In 2008, The Atlanta Journal-Constitution broke the first of what would be several stories highlighting suspect test scores in Atlanta Public Schools and other Georgia districts. In the years that followed, the newspaper continued to dig, and eventually special investigators appointed by the governor exposed widespread cheating in the 50,000-student APS district. The APS trial is the latest chapter in that coverage. Follow along on Twitter: @AJCcourts.

The Atlanta Public Schools cheating trial could run well into the spring.

Fulton County Superior Court Judge Jerry Baxter, who presides over the trial, said Monday that testimony could continue into April.

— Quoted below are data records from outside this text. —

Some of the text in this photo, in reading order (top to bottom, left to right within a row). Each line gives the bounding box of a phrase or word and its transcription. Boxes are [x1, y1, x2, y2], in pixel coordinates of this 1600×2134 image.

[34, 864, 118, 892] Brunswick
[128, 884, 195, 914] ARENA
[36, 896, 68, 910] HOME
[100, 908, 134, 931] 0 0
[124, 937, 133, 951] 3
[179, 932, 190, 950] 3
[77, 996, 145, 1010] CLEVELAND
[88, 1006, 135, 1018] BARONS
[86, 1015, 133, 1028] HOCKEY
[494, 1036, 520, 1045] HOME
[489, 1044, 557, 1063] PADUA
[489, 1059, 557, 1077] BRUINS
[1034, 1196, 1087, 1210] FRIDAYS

That would be about seven months after the first day of testimony in late September.

“I’m asking you not to become impatient, although that’s maybe a Herculean task,” Baxter told jurors.

Twelve former APS administrators and educators are on trial, accused of conspiring to cheat on state tests.

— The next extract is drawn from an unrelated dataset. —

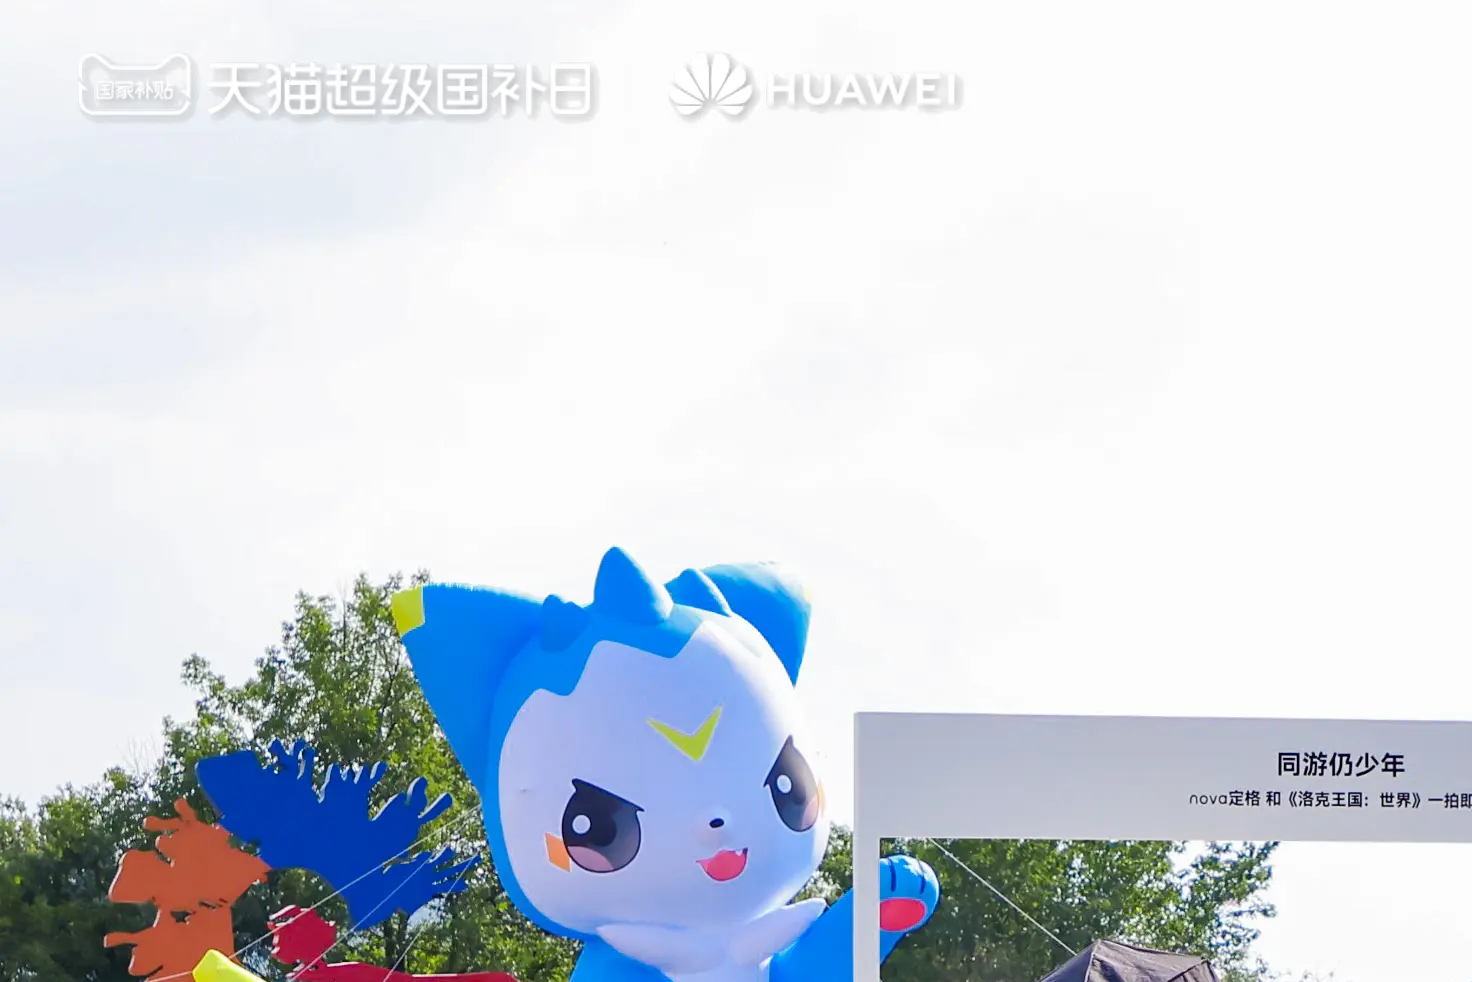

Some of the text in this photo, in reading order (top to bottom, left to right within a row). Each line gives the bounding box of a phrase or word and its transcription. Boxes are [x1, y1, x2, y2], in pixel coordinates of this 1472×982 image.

[1277, 751, 1406, 778] 同游仍少年
[1189, 790, 1262, 807] nova定格

So far, the prosecution has called more than 70 witnesses, including current Atlanta students and staff.

Prosecutor Fani Willis said the state, which presented its first witness on Sept. 30, expects to finish presenting its case around Valentine’s Day.

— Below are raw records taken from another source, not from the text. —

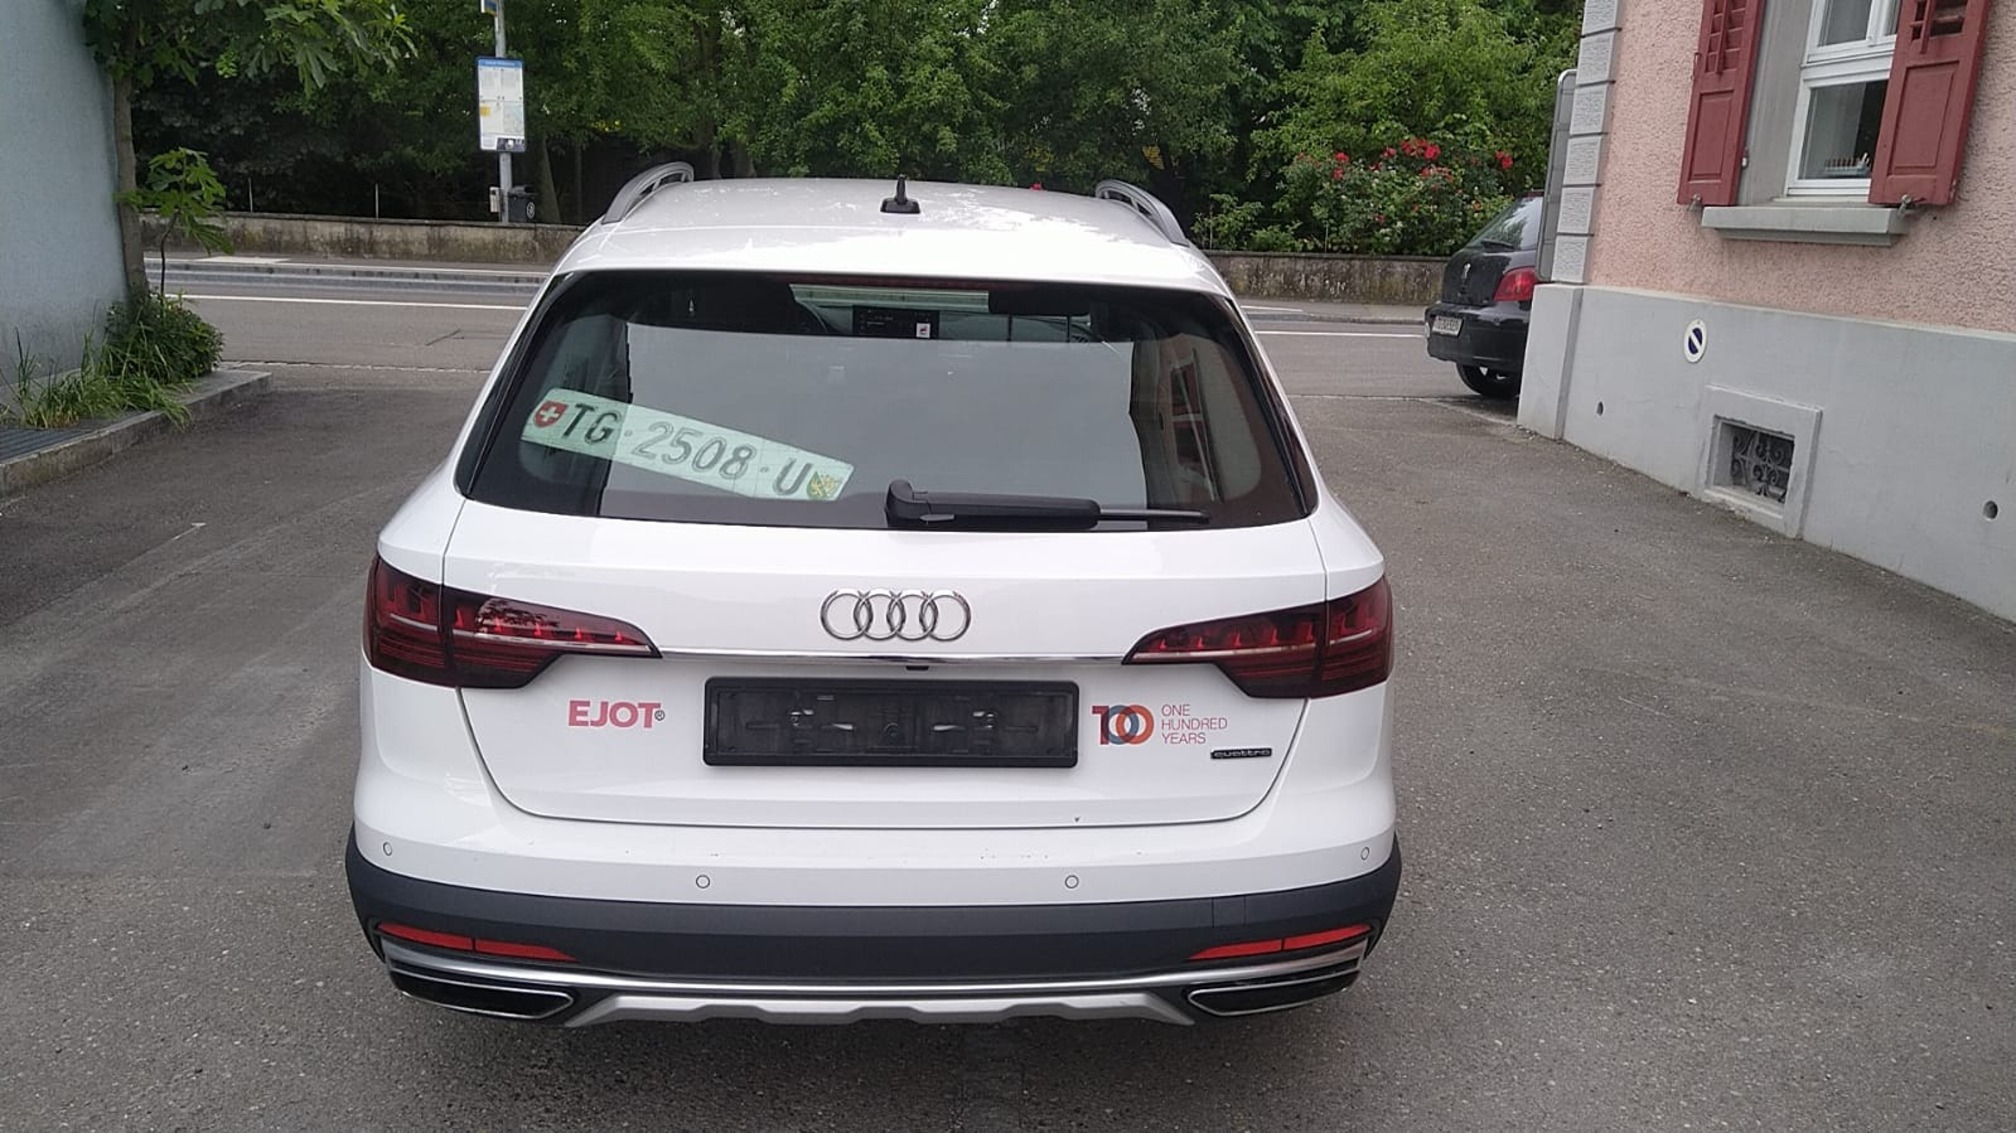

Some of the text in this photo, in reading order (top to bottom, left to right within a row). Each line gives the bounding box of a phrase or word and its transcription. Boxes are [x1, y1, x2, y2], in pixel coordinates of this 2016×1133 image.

[1161, 704, 1191, 717] ONE
[1092, 704, 1155, 746] 100
[1161, 718, 1228, 731] HUNDRED
[1162, 732, 1207, 745] YEARS
[1213, 749, 1271, 758] quattro

On Monday, Atlanta teacher Schajuan Jones testified that she never cheated on state tests.

“I don’t have to,” she told a prosecutor. “I teach kids.”

But Jones said she saw a Dobbs Elementary School fifth-grader run after principal Dana Evans and tell her that a teacher had given students answers to state tests.

Evans brushed the boy aside and kept walking, Jones said.

The student, now 17 and in high school, testified last week that he told a Dobbs staff member that his friends told him about cheating.

Jones said she reported problems at Dobbs to Evans and to regional supervisor Michael Pitts but nothing changed.

“This is why people don’t tell,” Jones said of the lack of response.

Evans and Pitts are defendants, as are former Dobbs teachers Angela Williamson and Dessa Curb.

A former Dobbs student testified Monday that Williamson gave her and other students answers on fourth-grade state tests. Her account echoed that of other former Dobbs students who took the stand last week.

Yet Monday’s student, now a high school sophomore, said Williamson was a good teacher.

“She was good for advice and other things that I needed help with,” the student said.